Aim of the task
Reproduce the data below exactly. Skip the pictures.

(Records from a data collection)

◆ ◆ ◆ ◆ ◆

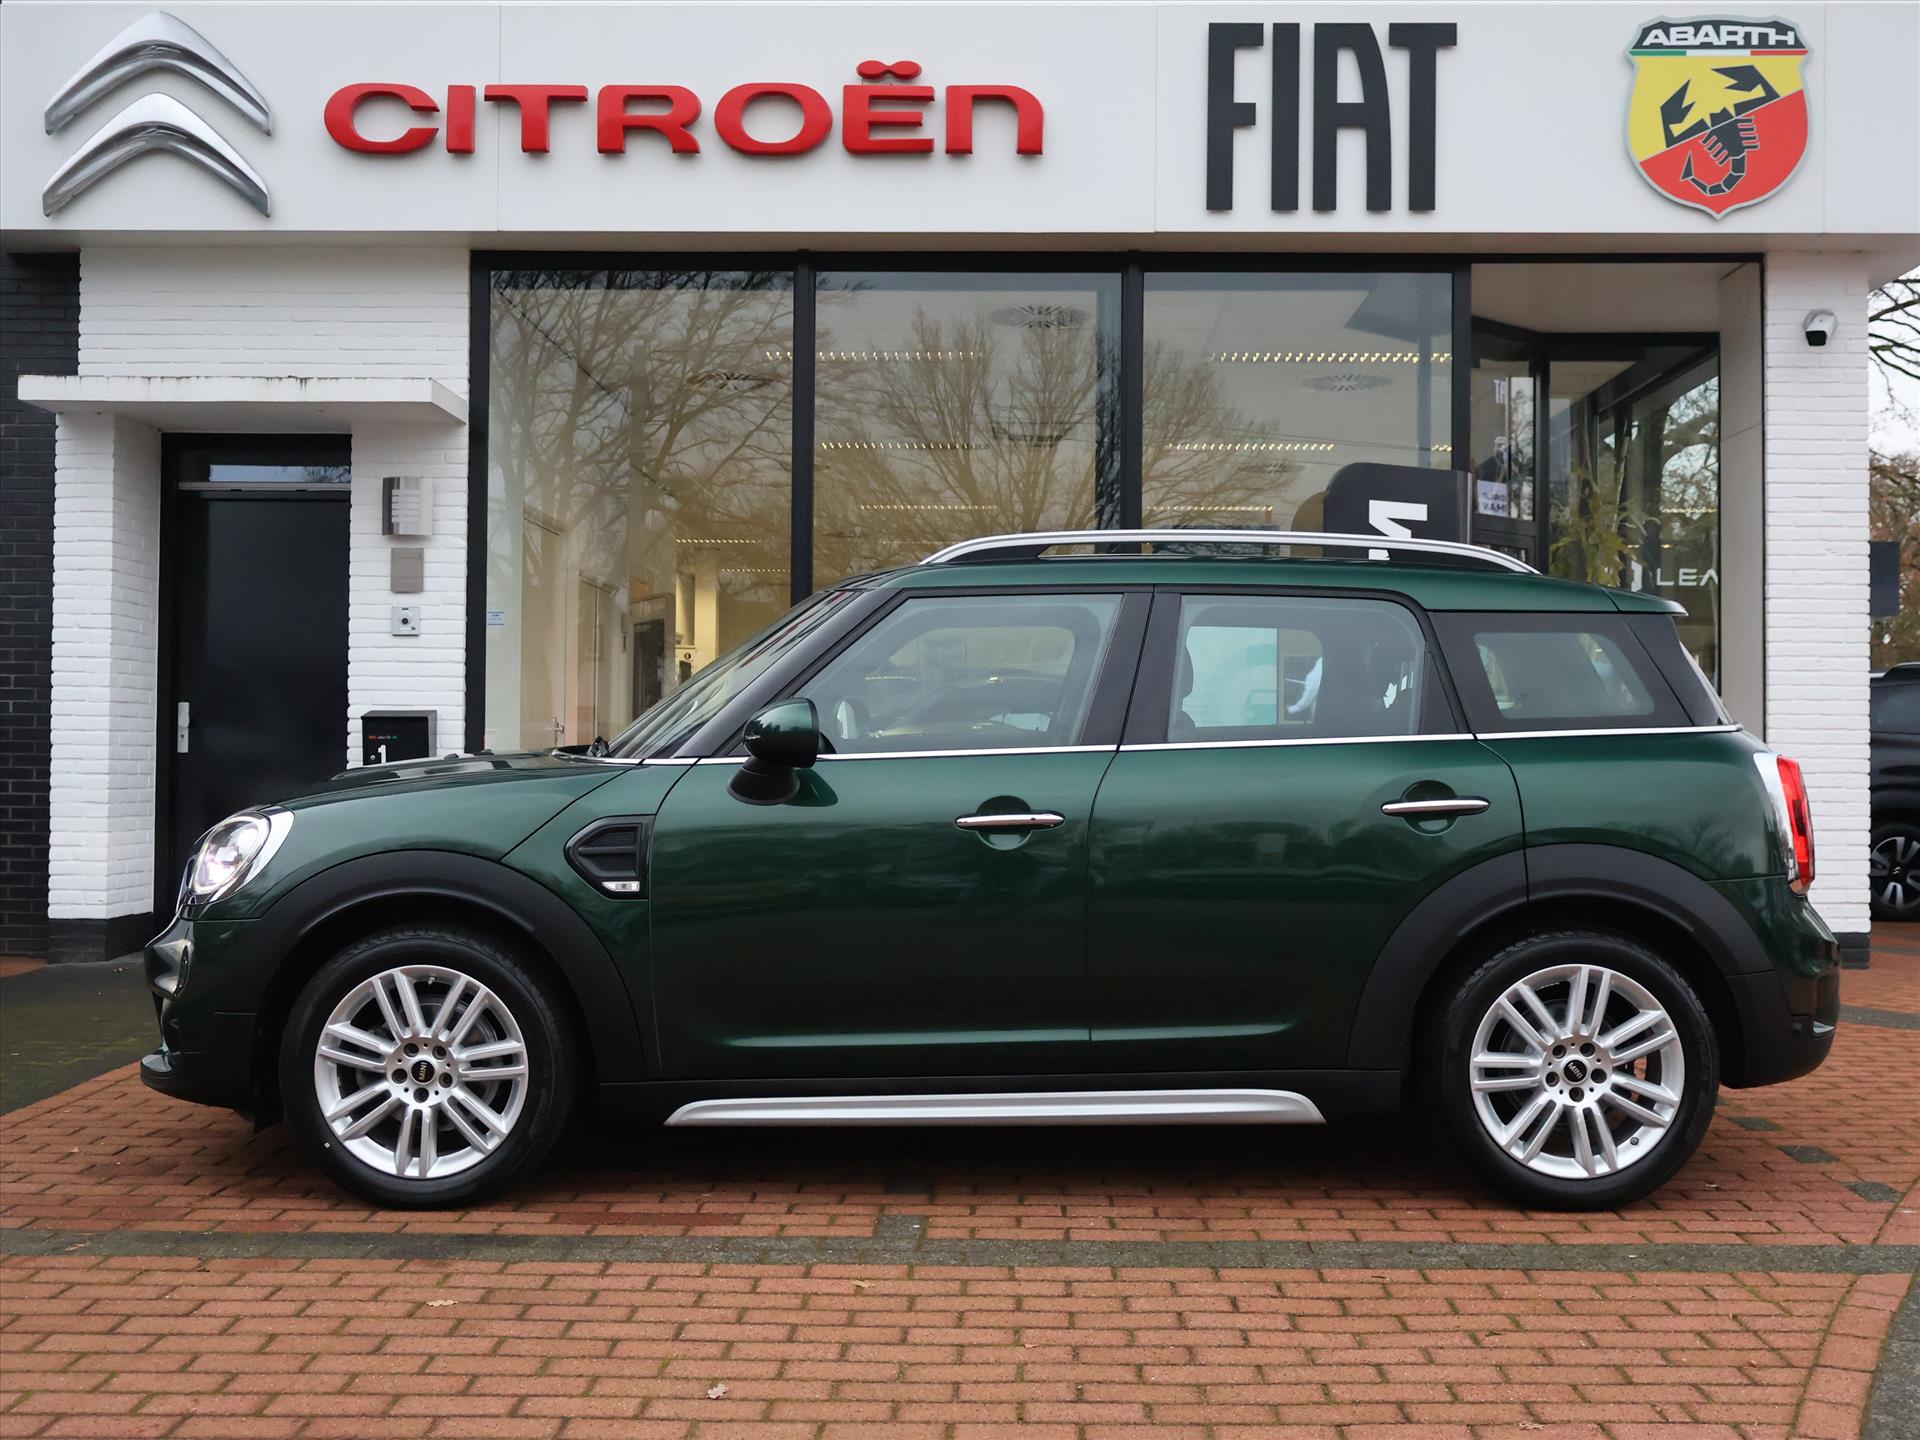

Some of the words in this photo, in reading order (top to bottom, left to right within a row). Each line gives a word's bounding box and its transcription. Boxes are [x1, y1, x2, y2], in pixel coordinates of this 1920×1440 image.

[1641, 25, 1795, 46] ABARTH
[1206, 22, 1458, 211] FIAT
[419, 1062, 428, 1081] MINI
[1567, 1062, 1584, 1079] MINI

◆ ◆ ◆ ◆ ◆

Task output
Some of the words in this photo, in reading order (top to bottom, left to right within a row). Each line gives a word's bounding box and its transcription. Boxes are [x1, y1, x2, y2], in pixel coordinates of this 1920×1440 image.

[1641, 25, 1795, 46] ABARTH
[1206, 22, 1458, 211] FIAT
[419, 1062, 428, 1081] MINI
[1567, 1062, 1584, 1079] MINI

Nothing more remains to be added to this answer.